Currently, at work (well, now I'm home, but I was working on the weekend for instance), I'm doing overtime to make layout for a chip - no way to do this on the command line.

 

At home, I don't think I ever started a konqueror instance as root - the only gui's I use as root are the draktools/mcc.

 

Photoediting is best done with a nice gui, so is photo viewing.... :)

 

For the rest, I'm just way faster for file management and such on the cli.

 

As for commands and manpages, I like to read them with konqueror.

For browsing, there is a tool called xman, just start it (hey, from the cli if you're going to read the manpages), then click 'manual page' and go for sections - choose any subsection you like, lots to read!

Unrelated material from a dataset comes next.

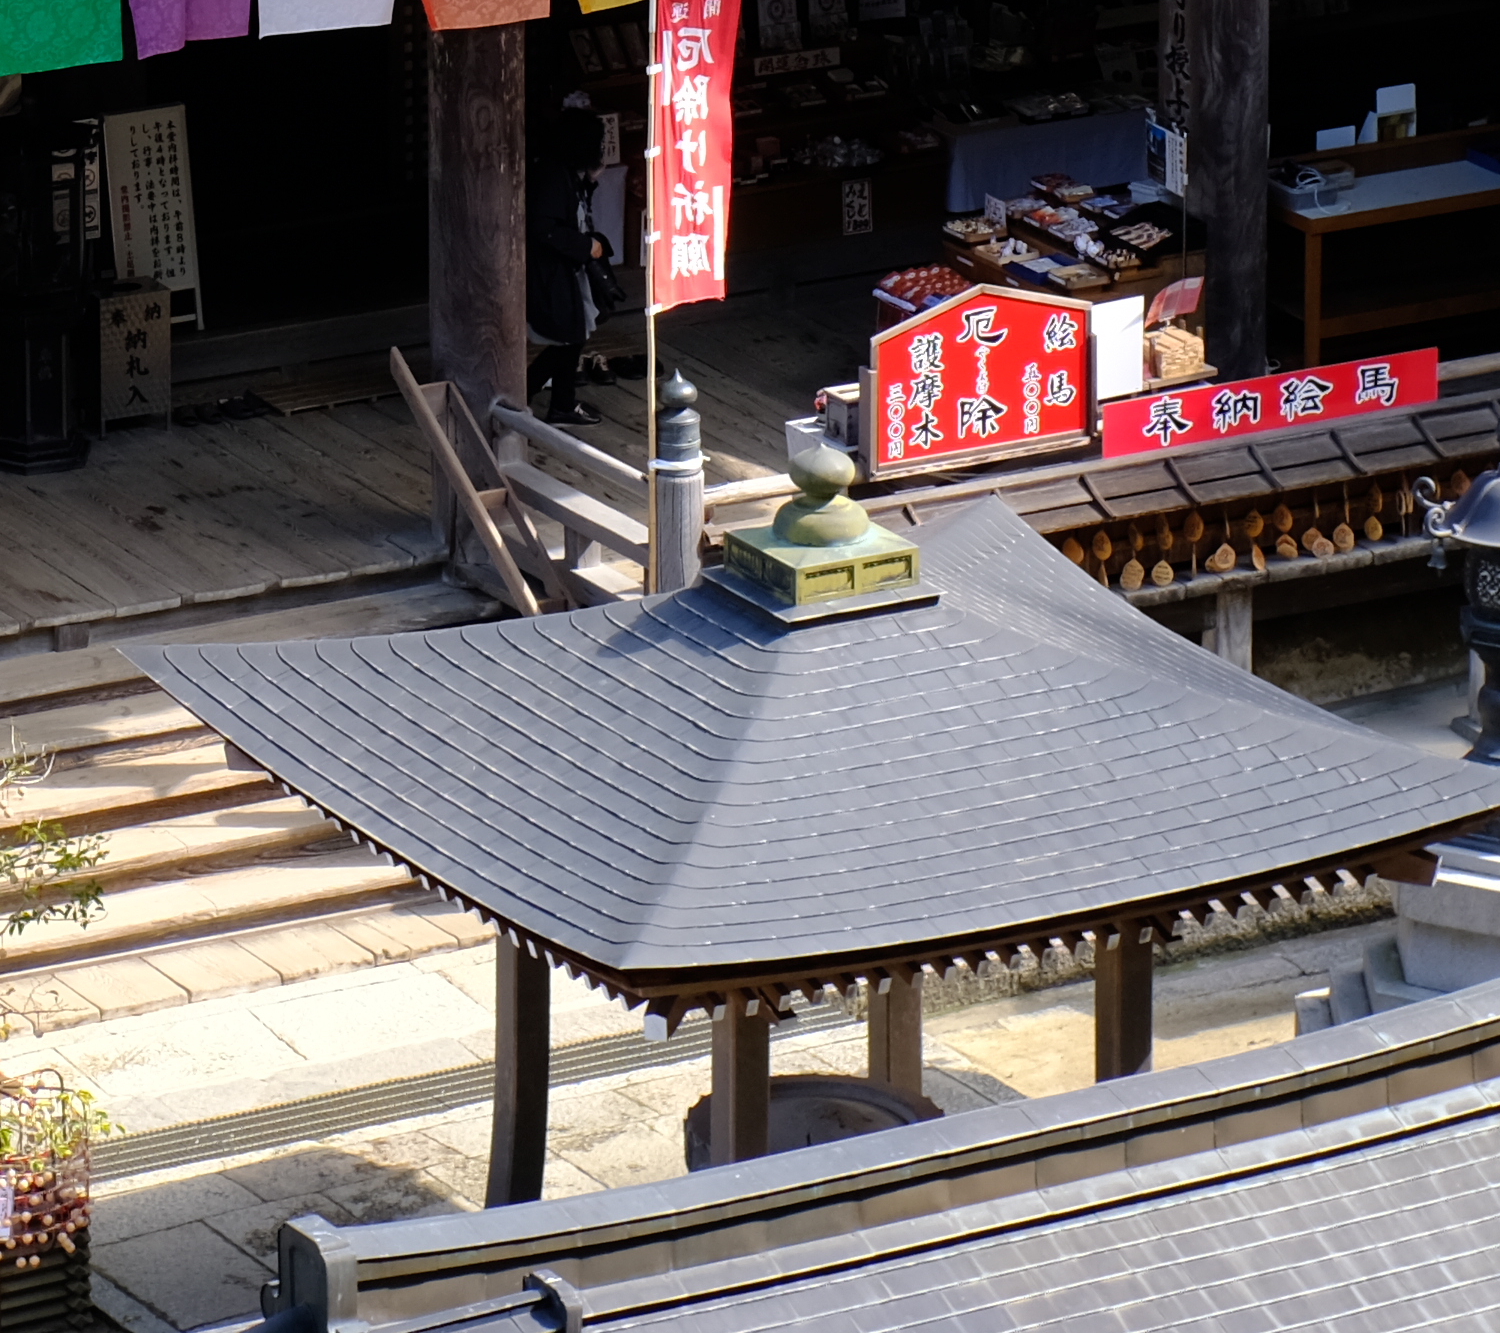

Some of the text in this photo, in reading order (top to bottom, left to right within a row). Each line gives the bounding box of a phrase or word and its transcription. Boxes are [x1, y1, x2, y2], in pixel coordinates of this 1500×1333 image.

Mind you, this gui is a typical Unix gui - if you want to scroll in a page, click with the left or right mousebutton in the scrollbar on the left - rmb to go up, lmb to go down- , the higher you click, the less lines are jumped.

Actually, the interface jumps exactly the number of lines that your mousecursor is next to - so if you're all the way at the top, and you hit the lmb, it will go one line down, if you're all the way at the bottom, it will jump a whole page.

Very unintuitive if you've never used it before, but smart and nice once you get used to it.

People who don't know this call it backwards and silly, but as far as I know, this has been around since early Xwindow systems, and if you first got the hang of this and then are confronted with MSWin scrolling, that's really limited, and the real reason MSWin needs a mousewheel (as do KDE and GNOME and such). Think about it, with regular windows (KDE, MSWin, GNOME, etc), you can scroll the number of lines that the mouse wheel is set to scroll, or you can scroll whole pages by clicking - but you have to click below the scroll-slider to go down, and above to go up: more and precise mouse action required ergo nasty.... and naturally you can drag the slider with the lmb, but for long texts this may require extremely precise mouse movements. So if you want to go up just a few lines on a long text, you have to use the single line scroll arrows at the top or bottom of the scrollbar, again precise and nasty mouse action...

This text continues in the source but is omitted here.